Four members of Cascade's current board of directors are
currently scheduled to stand for election at the 2010 annual
meeting of shareholders: Richard Anderson, CPA, Janice
Halladay, Marion R. Foote and Craig G. Skotdal. Under the
terms of the settlement agreement, Cascade will expand the size of
its board from 12 to 15 directors and will appoint the individuals
recommended by the shareholder group to fill the three new seats on
the board, subject to obtaining regulatory approval of the proposed
new directors. The three new directors will be Arnold R.
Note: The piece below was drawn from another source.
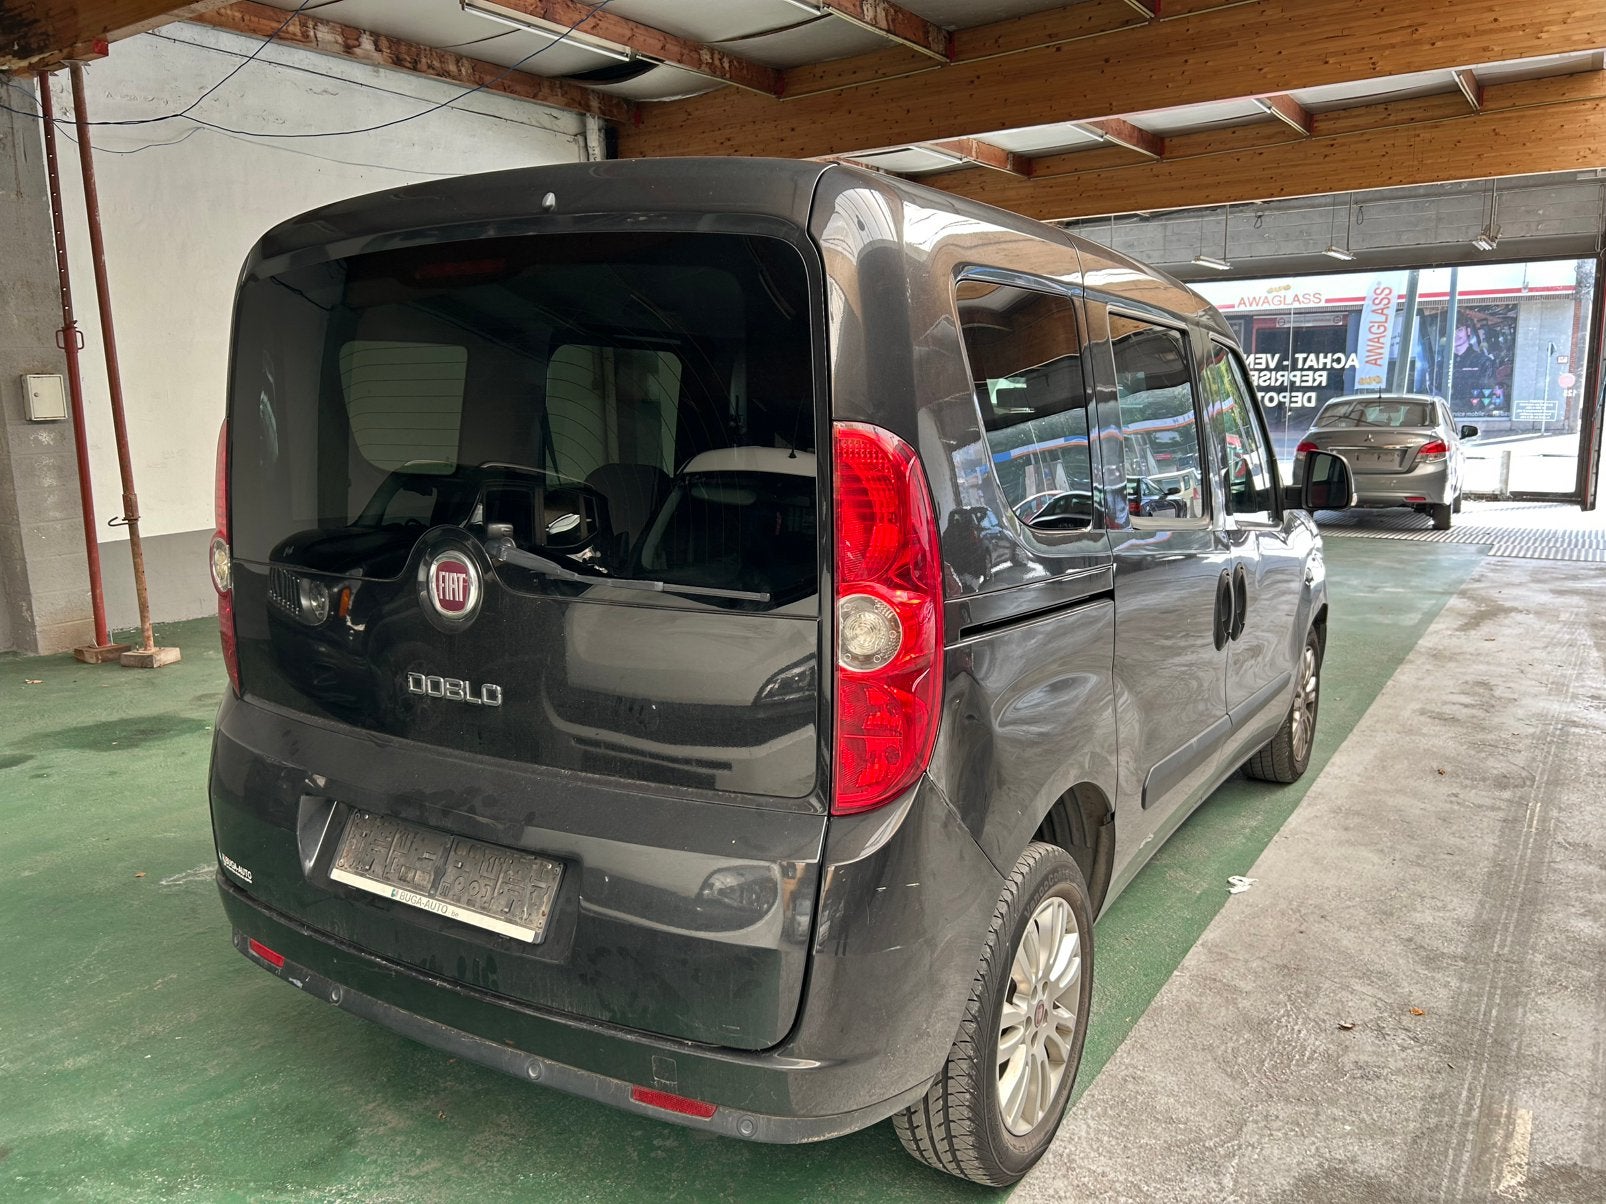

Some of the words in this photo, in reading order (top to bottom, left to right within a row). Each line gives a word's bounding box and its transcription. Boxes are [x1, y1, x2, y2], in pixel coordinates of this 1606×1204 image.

Hofmann, Christian H. Sievers and Thomas H. Rainville. In
addition, the shareholder group will support the Company's other
nominees for election to the Board at the upcoming annual
meeting.
In a joint statement, Carol K. Nelson, President and CEO of
Cascade and Craig G. Skotdal, an existing director of the Company
and a member of the shareholder group stated, "We are pleased to
have reached an agreement which serves the best interest of all
Cascade shareholders." Nelson added, "This agreement will not
only allow Cascade to put the expense and distractions of the
potential proxy contest behind us, it will also enable the Company
to focus on its priorities of improving asset quality, raising
capital and returning Cascade to profitable operations. I
look forward to working with our new colleagues on the Board to
enhance shareholder value."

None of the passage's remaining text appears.